Cukup ramai pengunjung yang datang. Padahal waktu saya ke sana hari selasa. Di sebelah kanan ada banyak perahu yang terparkir di batasi oleh pemecah ombak. Di sebelah kirinya ada bukit yang tidak begitu tinggi, ini yang di sebut Bukit Panduran. Saya tidak sempatkan main di tepian pantai karena ombak yang cukup besar. Sampai saya di atas bukit pun suara hantaman ombak dan karang masih terdengar cukup keras.

Tangga harapan menuju Bukit Panduran.
Jalan untuk naik ke atas bukit sudah tertata rapi. Ada juga “tangga harapan” yang instagramable. Sepertinya pengelola memang sengaja membuat pantai ini menjadi instagramable. Dari papan penunjuk arah sampai tempat untuk berswafoto. Mau bagaimana lagi, ornamen yang instagramable inilah yang membuat pantai ini menarik.

Jalan setapak menuju Bukit Panduran.
Ada empat tempat berswafoto yang berbayar.

Pertama, Panah Asmara. Jangan baper dulu, ya. Kalau kalian ke sini tidak punya pasangan tetap boleh antri untuk berswafoto, kok. Tempat ini paling bawah di antara yang lain. Berbentuk papan panggung tidak terlalu tinggi yang menjorok ke tepi pantai. Di ujung papan ada frame berbentuk ”love” di atasnya menggantung tulisan “i love you”. Tidak hanya itu saja, tempat ini juga dilengkapi panah beserta busurnya sebagai pelengkap swafoto kalian.

Panah Asmara.
Kedua, Tebing Titanic. Berjalan ke atas lagi, ada tempat swafoto berbentuk ujung kapal di tepi tebing. Ini tempat swafoto satu-satunya yang tidak tinggi karena tidak berbentuk panggung. Di sini kalian bisa foto ala “Jack dan Rose”, uhukkk, makin baper, ya? Tenang saya ke sini juga tidak membawa “Si Mas Jack” itu.
Tebing Titanic dari atas bukit.
Jack mana Jack?
Ketiga, Rumah Pohon. Naik lagi ke atas bukit ada rumah pohon. Tidak berbentuk rumah seutuhnya. Hanya papan yang dipasang di sebuah pohon. Lumayan tinggi, sekitar tiga meter. Walau tidak pakai pengaman, tidak perlu takut, ini aman kok. Dari atas rumah pohon ini pemandangannya bagus. Saya bisa melihat Pantai Watu Bale yang garis pantainya melengkung dan bukit di sebelah Pantai Pasir Indah.

Rumah pohon.
Keempat, Jembatan Segitiga. Menurut saya, ini yang paling membuat detak jantung berantakan. Dari jembatan segitiga ini di bawahnya jurang dan lautan lepas. Apalagi dentuman ombak yang menghantam tebing saat itu sedang keras-kerasnya. Angin pun bertiup kencang di ujung jembatan ini. Ada beberapa pelengkap untuk berswafoto di sini, bunga dan boneka di antarnya.

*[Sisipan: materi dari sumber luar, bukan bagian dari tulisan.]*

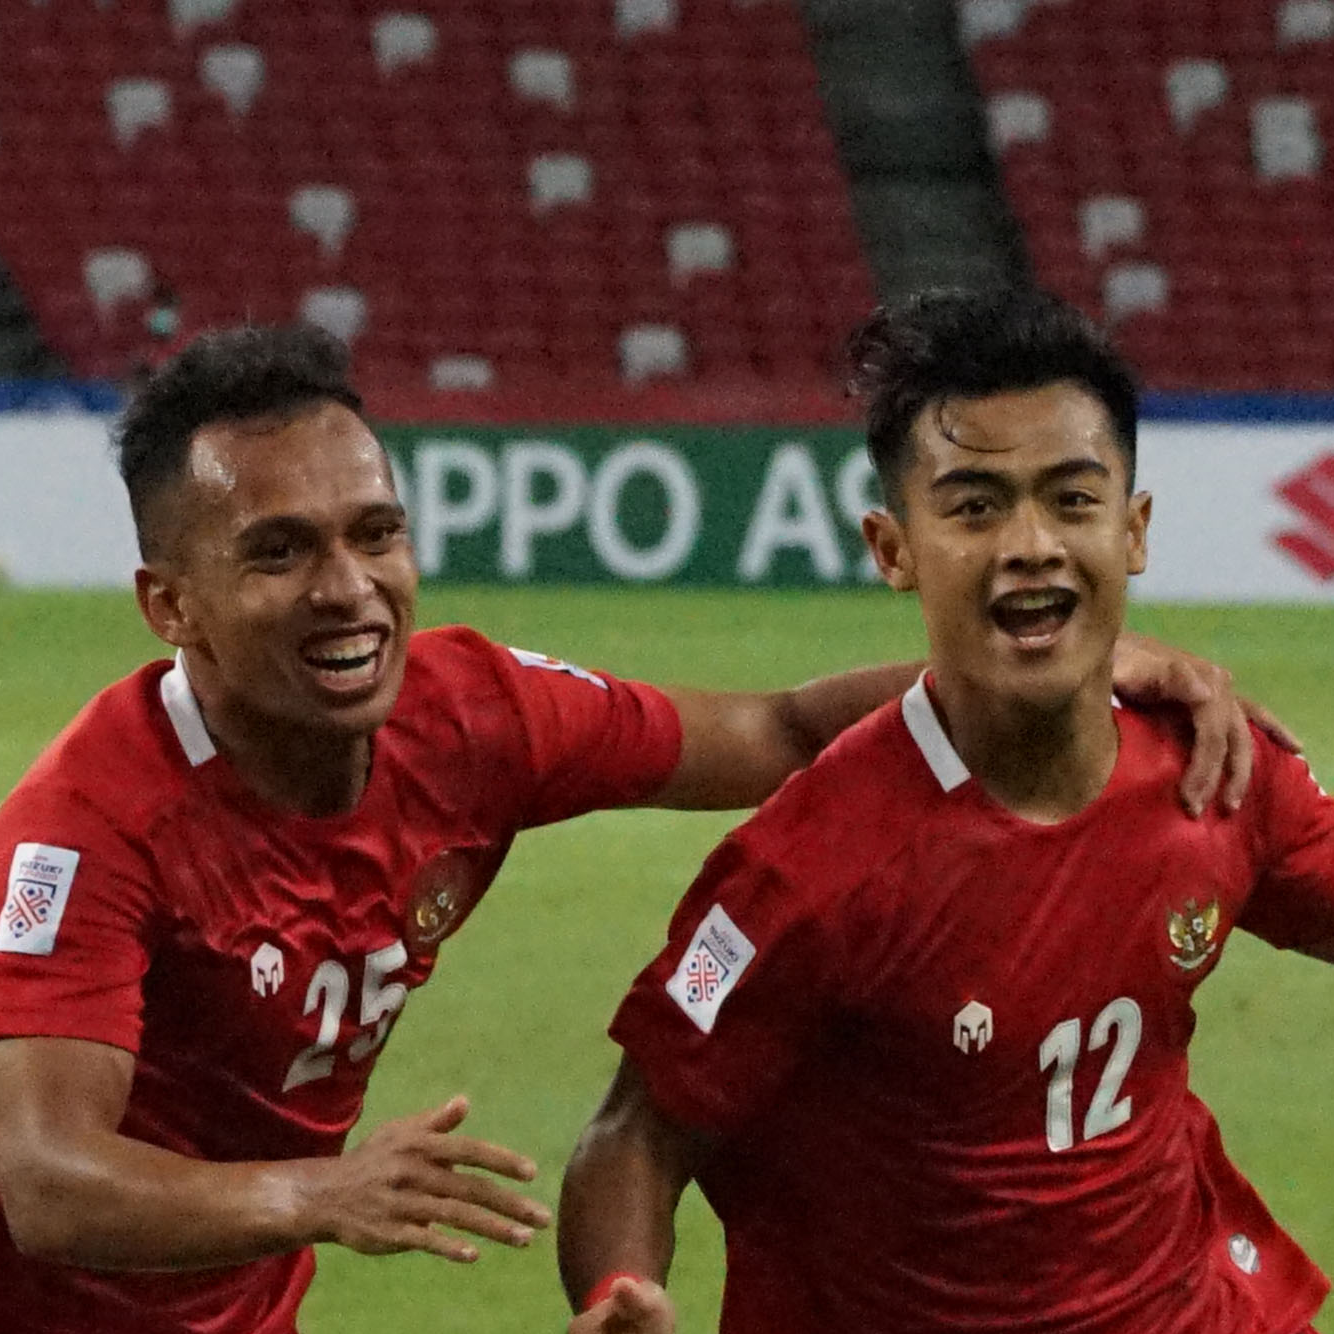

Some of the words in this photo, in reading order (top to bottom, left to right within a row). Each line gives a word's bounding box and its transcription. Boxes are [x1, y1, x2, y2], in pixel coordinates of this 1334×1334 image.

[389, 438, 700, 578] PPO
[281, 938, 408, 1093] 25
[1039, 996, 1142, 1153] 12

Me with the bear at Jembatan Segitiga.
Cukup merogoh kocek 7.500, kalian bisa berswafoto di keempat tempat tadi. Tenang saja, kalian bisa foto sepuasnya dan difotokan oleh mas-mas penjaganya. Kalau tidak mau modal, di sini juga banyak ornamen yang bagus untuk berswafoto. Ada balon udara, sarang burung, panggung pohon kelapa, tangga harapan, dan masih banyak lagi.


Sangkar Burung.

Inget, mantan di buang aja pada tempatnya, eh.

Squad hore!

Mau ke mana lagi kita?

R-U-M-A-H
Laper? Lelah?

Tenang, banyak warung jajanan. Kalau mau irit ya bawa bekal dari rumah. Tempat duduk juga disediakan banyak dari berbagai bentuk, dari kayu sampai hammock. Mau sholat ada mushola. Mau MCK juga ada toilet. Tapi sayang airnya keruh. Mungkin memang air di sini susah.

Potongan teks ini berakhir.